- [Work instruction] Repeat each entry word for word; the images are not part of the copy.

- [Record set]
*** Block opens ***
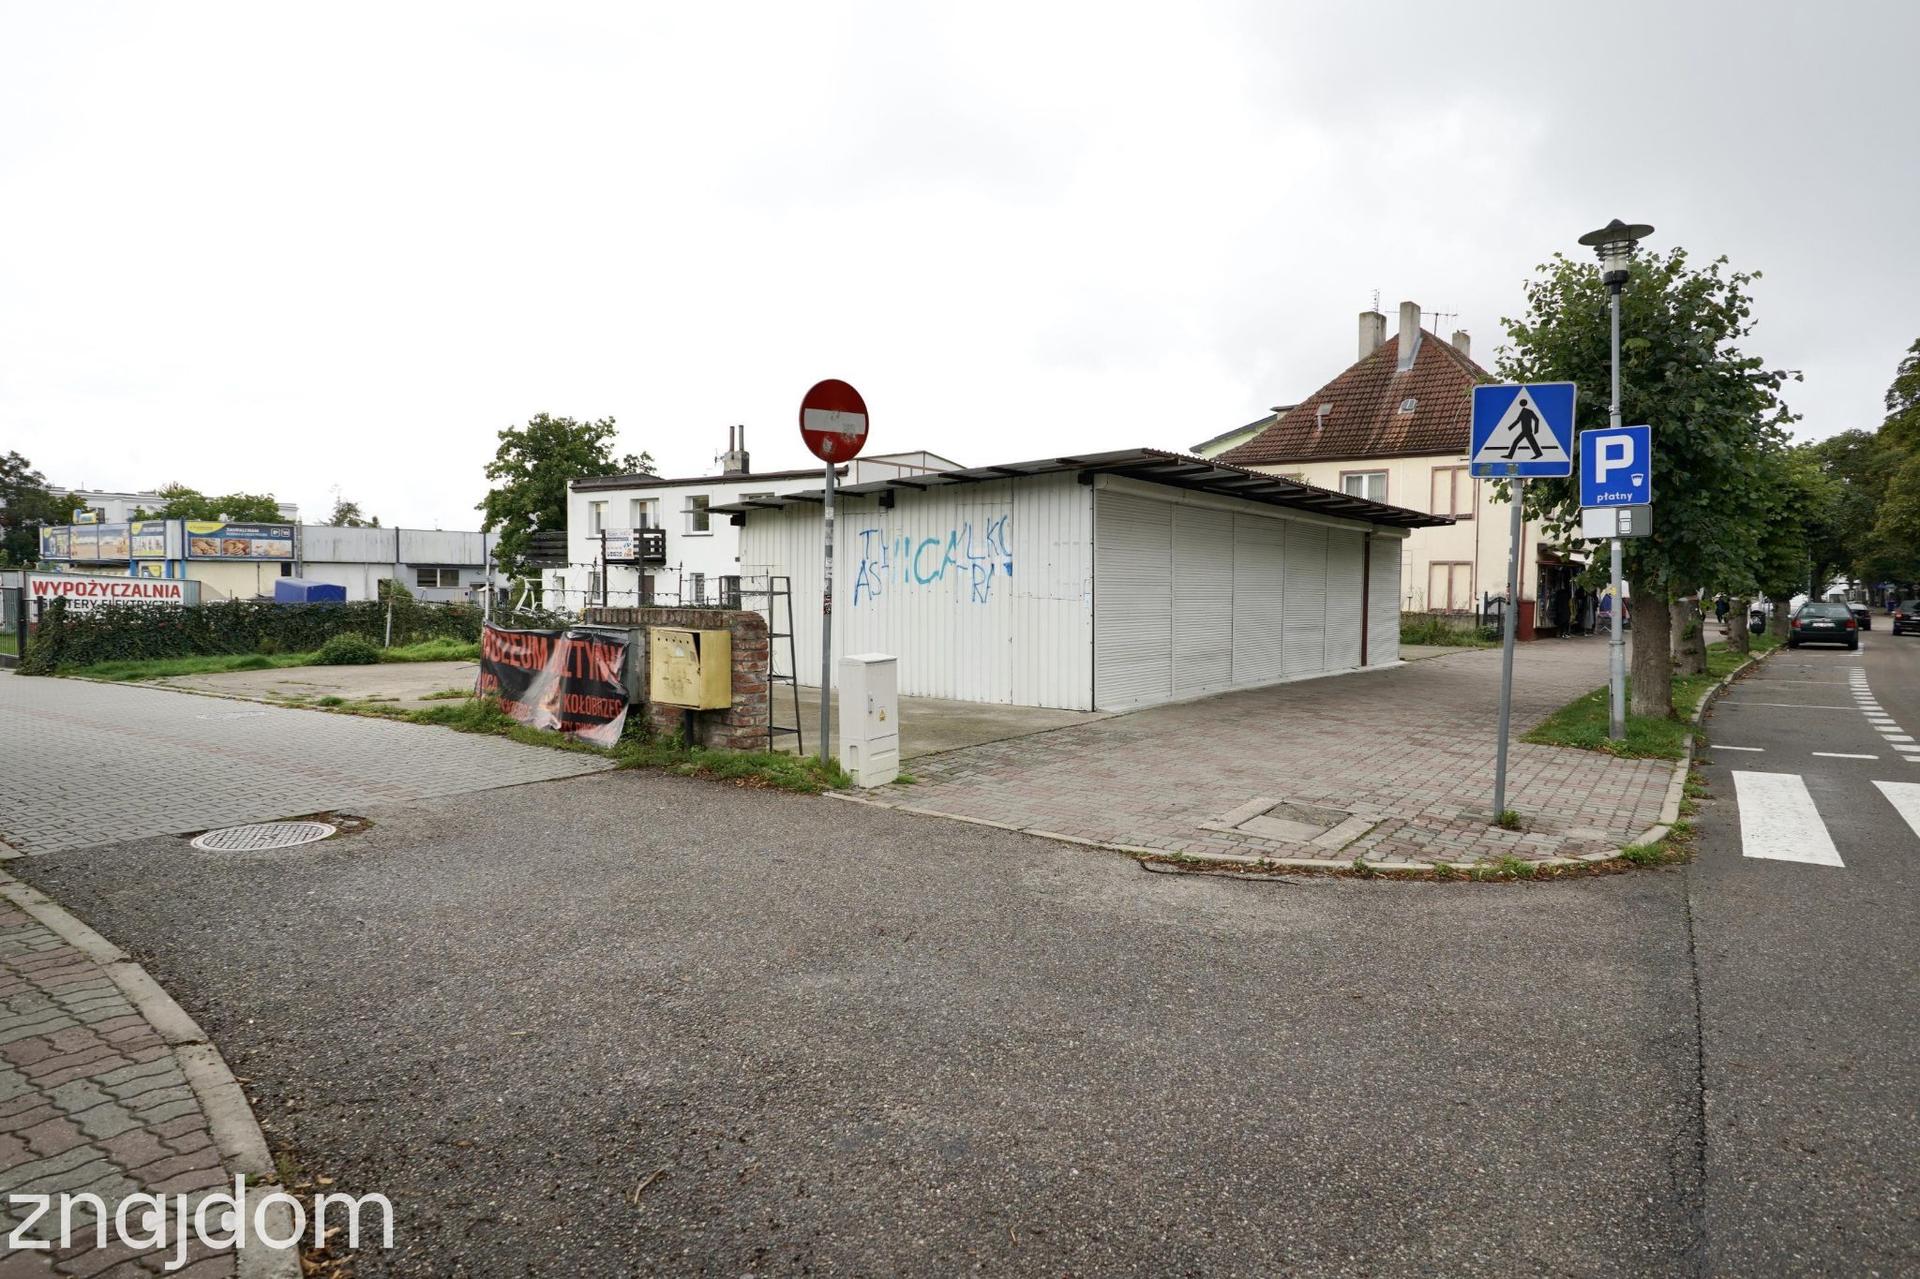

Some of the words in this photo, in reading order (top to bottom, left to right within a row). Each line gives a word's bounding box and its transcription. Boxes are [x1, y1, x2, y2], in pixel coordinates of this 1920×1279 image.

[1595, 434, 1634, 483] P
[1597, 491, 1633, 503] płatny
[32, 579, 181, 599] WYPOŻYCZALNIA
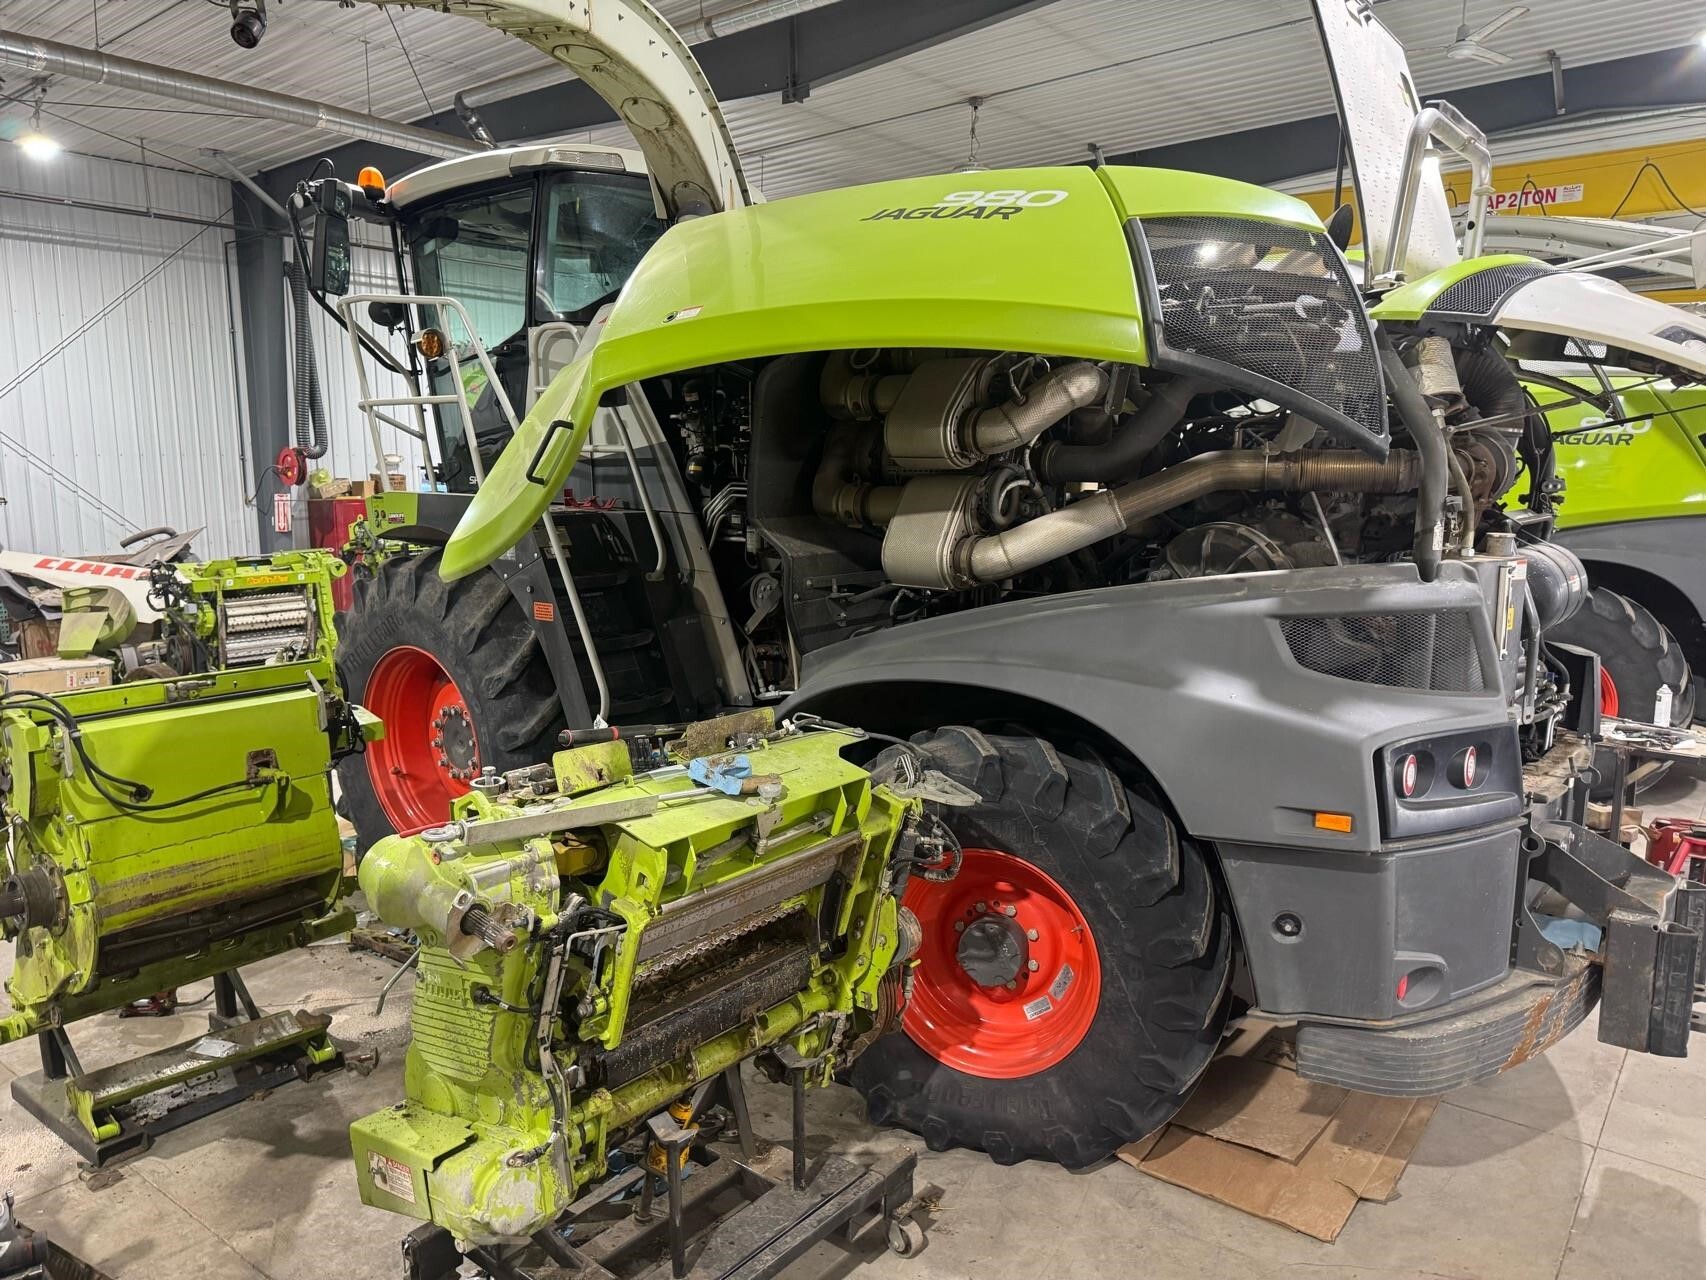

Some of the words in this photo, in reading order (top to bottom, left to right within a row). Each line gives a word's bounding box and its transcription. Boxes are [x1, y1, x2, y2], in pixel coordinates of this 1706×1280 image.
*** Block closes ***
- [Result]
Some of the words in this photo, in reading order (top to bottom, left to right within a row). Each line gives a word's bounding box and its transcription. Boxes are [x1, y1, x2, y2], in pixel coordinates of this 1920×1279 image.

[1595, 434, 1634, 483] P
[1597, 491, 1633, 503] płatny
[32, 579, 181, 599] WYPOŻYCZALNIA

Some of the words in this photo, in reading order (top to bottom, left to right within a row). Each line gives a word's bounding box and its transcription. Boxes are [x1, y1, x2, y2], in pixel coordinates of this 1706×1280 image.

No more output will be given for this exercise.